(Data extract begins)

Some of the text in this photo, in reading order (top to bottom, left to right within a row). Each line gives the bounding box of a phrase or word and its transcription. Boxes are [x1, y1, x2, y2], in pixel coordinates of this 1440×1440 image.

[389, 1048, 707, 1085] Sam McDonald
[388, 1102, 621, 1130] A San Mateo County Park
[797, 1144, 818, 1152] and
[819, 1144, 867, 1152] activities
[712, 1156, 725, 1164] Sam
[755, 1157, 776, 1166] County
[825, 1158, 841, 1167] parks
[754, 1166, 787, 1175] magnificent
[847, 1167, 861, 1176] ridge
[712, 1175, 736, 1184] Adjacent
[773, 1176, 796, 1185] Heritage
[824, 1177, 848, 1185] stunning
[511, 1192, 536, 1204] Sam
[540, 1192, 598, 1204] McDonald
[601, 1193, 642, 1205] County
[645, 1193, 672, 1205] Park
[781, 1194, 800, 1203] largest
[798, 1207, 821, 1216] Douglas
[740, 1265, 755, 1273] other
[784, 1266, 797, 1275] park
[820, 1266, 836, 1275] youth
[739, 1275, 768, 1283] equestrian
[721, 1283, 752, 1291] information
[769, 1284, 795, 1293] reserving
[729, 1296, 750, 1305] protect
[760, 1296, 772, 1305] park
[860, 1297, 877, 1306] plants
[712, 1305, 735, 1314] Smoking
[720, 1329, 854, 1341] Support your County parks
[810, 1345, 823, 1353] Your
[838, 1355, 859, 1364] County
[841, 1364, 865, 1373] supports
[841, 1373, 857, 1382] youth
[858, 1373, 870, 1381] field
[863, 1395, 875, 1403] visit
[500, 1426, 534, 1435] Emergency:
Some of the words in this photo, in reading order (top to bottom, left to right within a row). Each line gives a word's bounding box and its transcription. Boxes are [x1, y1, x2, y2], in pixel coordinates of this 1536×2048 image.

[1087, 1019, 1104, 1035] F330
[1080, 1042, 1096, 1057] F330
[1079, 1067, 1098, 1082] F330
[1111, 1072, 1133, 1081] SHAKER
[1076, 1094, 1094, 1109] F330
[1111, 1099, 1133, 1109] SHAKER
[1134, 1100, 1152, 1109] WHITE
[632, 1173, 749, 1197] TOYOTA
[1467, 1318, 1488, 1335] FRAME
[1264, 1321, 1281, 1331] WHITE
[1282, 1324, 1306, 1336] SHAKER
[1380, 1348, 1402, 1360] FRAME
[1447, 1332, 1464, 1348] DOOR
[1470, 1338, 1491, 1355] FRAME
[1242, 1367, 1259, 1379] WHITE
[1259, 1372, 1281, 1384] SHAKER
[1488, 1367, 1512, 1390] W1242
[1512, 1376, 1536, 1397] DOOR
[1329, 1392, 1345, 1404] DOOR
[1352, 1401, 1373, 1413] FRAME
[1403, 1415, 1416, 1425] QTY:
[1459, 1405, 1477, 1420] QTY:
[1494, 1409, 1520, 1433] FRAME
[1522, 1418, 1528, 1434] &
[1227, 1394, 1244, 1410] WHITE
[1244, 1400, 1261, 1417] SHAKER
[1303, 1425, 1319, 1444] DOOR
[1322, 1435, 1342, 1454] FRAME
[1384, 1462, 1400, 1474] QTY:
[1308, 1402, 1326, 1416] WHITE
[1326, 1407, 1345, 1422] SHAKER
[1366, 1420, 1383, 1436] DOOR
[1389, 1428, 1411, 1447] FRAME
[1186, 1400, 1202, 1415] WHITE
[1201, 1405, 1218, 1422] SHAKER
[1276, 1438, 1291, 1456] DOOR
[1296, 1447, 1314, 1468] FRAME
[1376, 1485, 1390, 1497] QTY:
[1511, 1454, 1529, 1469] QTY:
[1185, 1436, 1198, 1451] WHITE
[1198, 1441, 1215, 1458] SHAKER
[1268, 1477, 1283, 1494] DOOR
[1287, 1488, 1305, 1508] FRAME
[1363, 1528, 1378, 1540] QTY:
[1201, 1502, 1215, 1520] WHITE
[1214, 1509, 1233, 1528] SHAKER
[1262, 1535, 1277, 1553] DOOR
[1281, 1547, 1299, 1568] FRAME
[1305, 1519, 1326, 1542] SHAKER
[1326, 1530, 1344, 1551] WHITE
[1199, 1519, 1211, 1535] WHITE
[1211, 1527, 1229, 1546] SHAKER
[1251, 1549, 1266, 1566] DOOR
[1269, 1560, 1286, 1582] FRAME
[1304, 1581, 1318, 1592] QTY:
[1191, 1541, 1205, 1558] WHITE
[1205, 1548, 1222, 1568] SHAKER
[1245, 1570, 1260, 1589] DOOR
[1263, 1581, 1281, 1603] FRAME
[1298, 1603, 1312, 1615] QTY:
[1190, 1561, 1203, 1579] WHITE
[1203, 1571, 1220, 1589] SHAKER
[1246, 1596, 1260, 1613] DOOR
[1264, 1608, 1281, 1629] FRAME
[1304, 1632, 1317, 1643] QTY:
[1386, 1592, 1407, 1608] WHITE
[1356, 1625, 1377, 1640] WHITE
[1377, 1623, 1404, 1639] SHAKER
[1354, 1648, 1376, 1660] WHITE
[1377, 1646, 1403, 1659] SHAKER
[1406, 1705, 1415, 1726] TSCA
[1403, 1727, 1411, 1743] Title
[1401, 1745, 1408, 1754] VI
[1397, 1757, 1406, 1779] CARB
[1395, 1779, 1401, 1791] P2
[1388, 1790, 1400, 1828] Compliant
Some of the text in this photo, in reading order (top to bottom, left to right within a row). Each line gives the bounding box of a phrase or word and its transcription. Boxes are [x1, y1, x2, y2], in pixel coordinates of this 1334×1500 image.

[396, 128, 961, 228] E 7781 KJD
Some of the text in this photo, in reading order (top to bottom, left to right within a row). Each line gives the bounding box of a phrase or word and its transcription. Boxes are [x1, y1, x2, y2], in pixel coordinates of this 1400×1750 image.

(Data extract ends)

◆ **Exercise brief**: Write out every entry above exactly as given.

◆ **Answer space**:
Some of the text in this photo, in reading order (top to bottom, left to right within a row). Each line gives the bounding box of a phrase or word and its transcription. Boxes are [x1, y1, x2, y2], in pixel coordinates of this 1440×1440 image.

[389, 1048, 707, 1085] Sam McDonald
[388, 1102, 621, 1130] A San Mateo County Park
[797, 1144, 818, 1152] and
[819, 1144, 867, 1152] activities
[712, 1156, 725, 1164] Sam
[755, 1157, 776, 1166] County
[825, 1158, 841, 1167] parks
[754, 1166, 787, 1175] magnificent
[847, 1167, 861, 1176] ridge
[712, 1175, 736, 1184] Adjacent
[773, 1176, 796, 1185] Heritage
[824, 1177, 848, 1185] stunning
[511, 1192, 536, 1204] Sam
[540, 1192, 598, 1204] McDonald
[601, 1193, 642, 1205] County
[645, 1193, 672, 1205] Park
[781, 1194, 800, 1203] largest
[798, 1207, 821, 1216] Douglas
[740, 1265, 755, 1273] other
[784, 1266, 797, 1275] park
[820, 1266, 836, 1275] youth
[739, 1275, 768, 1283] equestrian
[721, 1283, 752, 1291] information
[769, 1284, 795, 1293] reserving
[729, 1296, 750, 1305] protect
[760, 1296, 772, 1305] park
[860, 1297, 877, 1306] plants
[712, 1305, 735, 1314] Smoking
[720, 1329, 854, 1341] Support your County parks
[810, 1345, 823, 1353] Your
[838, 1355, 859, 1364] County
[841, 1364, 865, 1373] supports
[841, 1373, 857, 1382] youth
[858, 1373, 870, 1381] field
[863, 1395, 875, 1403] visit
[500, 1426, 534, 1435] Emergency:
Some of the words in this photo, in reading order (top to bottom, left to right within a row). Each line gives a word's bounding box and its transcription. Boxes are [x1, y1, x2, y2], in pixel coordinates of this 1536×2048 image.

[1087, 1019, 1104, 1035] F330
[1080, 1042, 1096, 1057] F330
[1079, 1067, 1098, 1082] F330
[1111, 1072, 1133, 1081] SHAKER
[1076, 1094, 1094, 1109] F330
[1111, 1099, 1133, 1109] SHAKER
[1134, 1100, 1152, 1109] WHITE
[632, 1173, 749, 1197] TOYOTA
[1467, 1318, 1488, 1335] FRAME
[1264, 1321, 1281, 1331] WHITE
[1282, 1324, 1306, 1336] SHAKER
[1380, 1348, 1402, 1360] FRAME
[1447, 1332, 1464, 1348] DOOR
[1470, 1338, 1491, 1355] FRAME
[1242, 1367, 1259, 1379] WHITE
[1259, 1372, 1281, 1384] SHAKER
[1488, 1367, 1512, 1390] W1242
[1512, 1376, 1536, 1397] DOOR
[1329, 1392, 1345, 1404] DOOR
[1352, 1401, 1373, 1413] FRAME
[1403, 1415, 1416, 1425] QTY:
[1459, 1405, 1477, 1420] QTY:
[1494, 1409, 1520, 1433] FRAME
[1522, 1418, 1528, 1434] &
[1227, 1394, 1244, 1410] WHITE
[1244, 1400, 1261, 1417] SHAKER
[1303, 1425, 1319, 1444] DOOR
[1322, 1435, 1342, 1454] FRAME
[1384, 1462, 1400, 1474] QTY:
[1308, 1402, 1326, 1416] WHITE
[1326, 1407, 1345, 1422] SHAKER
[1366, 1420, 1383, 1436] DOOR
[1389, 1428, 1411, 1447] FRAME
[1186, 1400, 1202, 1415] WHITE
[1201, 1405, 1218, 1422] SHAKER
[1276, 1438, 1291, 1456] DOOR
[1296, 1447, 1314, 1468] FRAME
[1376, 1485, 1390, 1497] QTY:
[1511, 1454, 1529, 1469] QTY:
[1185, 1436, 1198, 1451] WHITE
[1198, 1441, 1215, 1458] SHAKER
[1268, 1477, 1283, 1494] DOOR
[1287, 1488, 1305, 1508] FRAME
[1363, 1528, 1378, 1540] QTY:
[1201, 1502, 1215, 1520] WHITE
[1214, 1509, 1233, 1528] SHAKER
[1262, 1535, 1277, 1553] DOOR
[1281, 1547, 1299, 1568] FRAME
[1305, 1519, 1326, 1542] SHAKER
[1326, 1530, 1344, 1551] WHITE
[1199, 1519, 1211, 1535] WHITE
[1211, 1527, 1229, 1546] SHAKER
[1251, 1549, 1266, 1566] DOOR
[1269, 1560, 1286, 1582] FRAME
[1304, 1581, 1318, 1592] QTY:
[1191, 1541, 1205, 1558] WHITE
[1205, 1548, 1222, 1568] SHAKER
[1245, 1570, 1260, 1589] DOOR
[1263, 1581, 1281, 1603] FRAME
[1298, 1603, 1312, 1615] QTY:
[1190, 1561, 1203, 1579] WHITE
[1203, 1571, 1220, 1589] SHAKER
[1246, 1596, 1260, 1613] DOOR
[1264, 1608, 1281, 1629] FRAME
[1304, 1632, 1317, 1643] QTY:
[1386, 1592, 1407, 1608] WHITE
[1356, 1625, 1377, 1640] WHITE
[1377, 1623, 1404, 1639] SHAKER
[1354, 1648, 1376, 1660] WHITE
[1377, 1646, 1403, 1659] SHAKER
[1406, 1705, 1415, 1726] TSCA
[1403, 1727, 1411, 1743] Title
[1401, 1745, 1408, 1754] VI
[1397, 1757, 1406, 1779] CARB
[1395, 1779, 1401, 1791] P2
[1388, 1790, 1400, 1828] Compliant
Some of the text in this photo, in reading order (top to bottom, left to right within a row). Each line gives the bounding box of a phrase or word and its transcription. Boxes are [x1, y1, x2, y2], in pixel coordinates of this 1334×1500 image.

[396, 128, 961, 228] E 7781 KJD
Some of the text in this photo, in reading order (top to bottom, left to right within a row). Each line gives the bounding box of a phrase or word and its transcription. Boxes are [x1, y1, x2, y2], in pixel coordinates of this 1400×1750 image.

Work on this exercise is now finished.